::: EXERCISE INPUTS
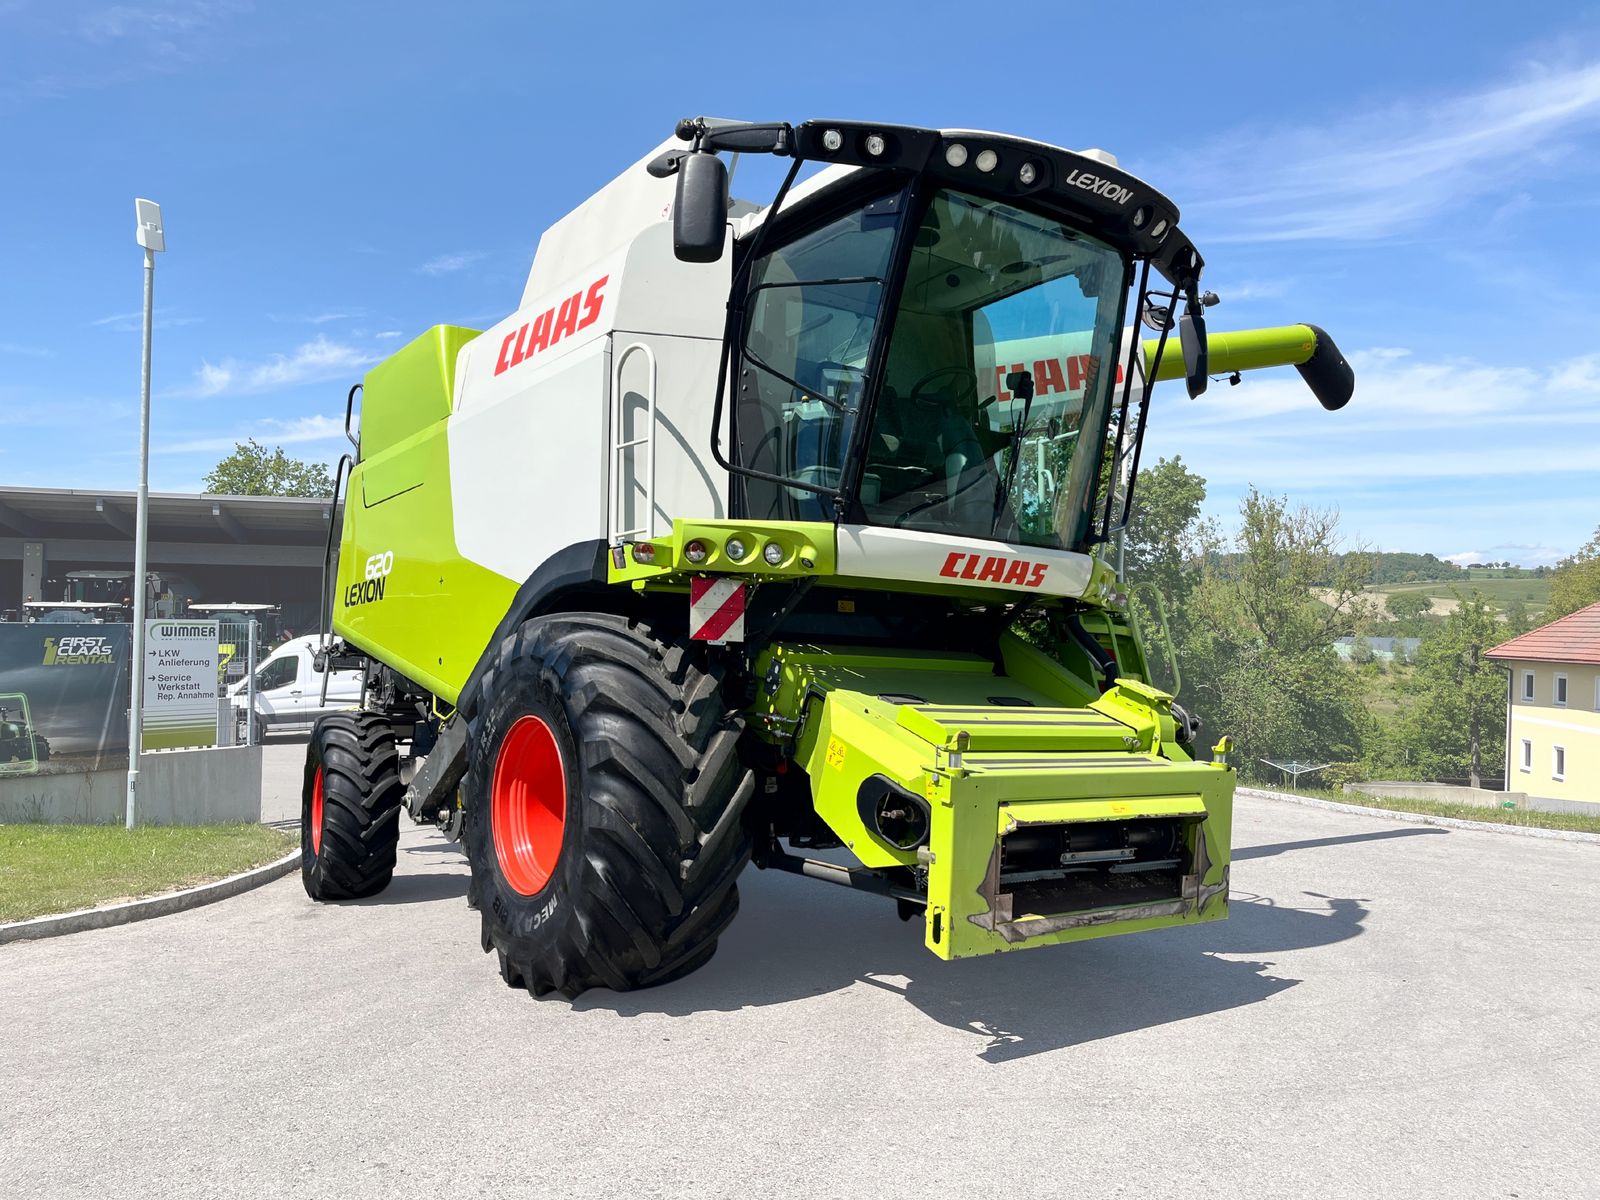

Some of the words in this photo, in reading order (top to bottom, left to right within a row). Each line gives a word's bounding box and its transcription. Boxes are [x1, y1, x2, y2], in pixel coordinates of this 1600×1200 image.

[1066, 169, 1134, 205] LEXION
[494, 274, 609, 377] CLAAS
[365, 550, 394, 580] 620
[939, 552, 1049, 587] CLAAS
[344, 576, 386, 608] LEXION
[161, 626, 216, 637] WIMMER
[59, 637, 107, 647] FIRST
[57, 645, 113, 656] CLAAS
[158, 649, 181, 657] LKW
[54, 655, 116, 665] RENTAL
[158, 659, 210, 667] Anlieferung
[157, 674, 192, 682] Service
[157, 683, 200, 691] Werkstatt
[157, 692, 176, 701] Rep.
[177, 691, 215, 699] Annahme
::::::
AIM OF THE EXERCISE => Once the images are removed, print the remaining data exactly as it appears above.

SOLUTION =>
Some of the words in this photo, in reading order (top to bottom, left to right within a row). Each line gives a word's bounding box and its transcription. Boxes are [x1, y1, x2, y2], in pixel coordinates of this 1600×1200 image.

[1066, 169, 1134, 205] LEXION
[494, 274, 609, 377] CLAAS
[365, 550, 394, 580] 620
[939, 552, 1049, 587] CLAAS
[344, 576, 386, 608] LEXION
[161, 626, 216, 637] WIMMER
[59, 637, 107, 647] FIRST
[57, 645, 113, 656] CLAAS
[158, 649, 181, 657] LKW
[54, 655, 116, 665] RENTAL
[158, 659, 210, 667] Anlieferung
[157, 674, 192, 682] Service
[157, 683, 200, 691] Werkstatt
[157, 692, 176, 701] Rep.
[177, 691, 215, 699] Annahme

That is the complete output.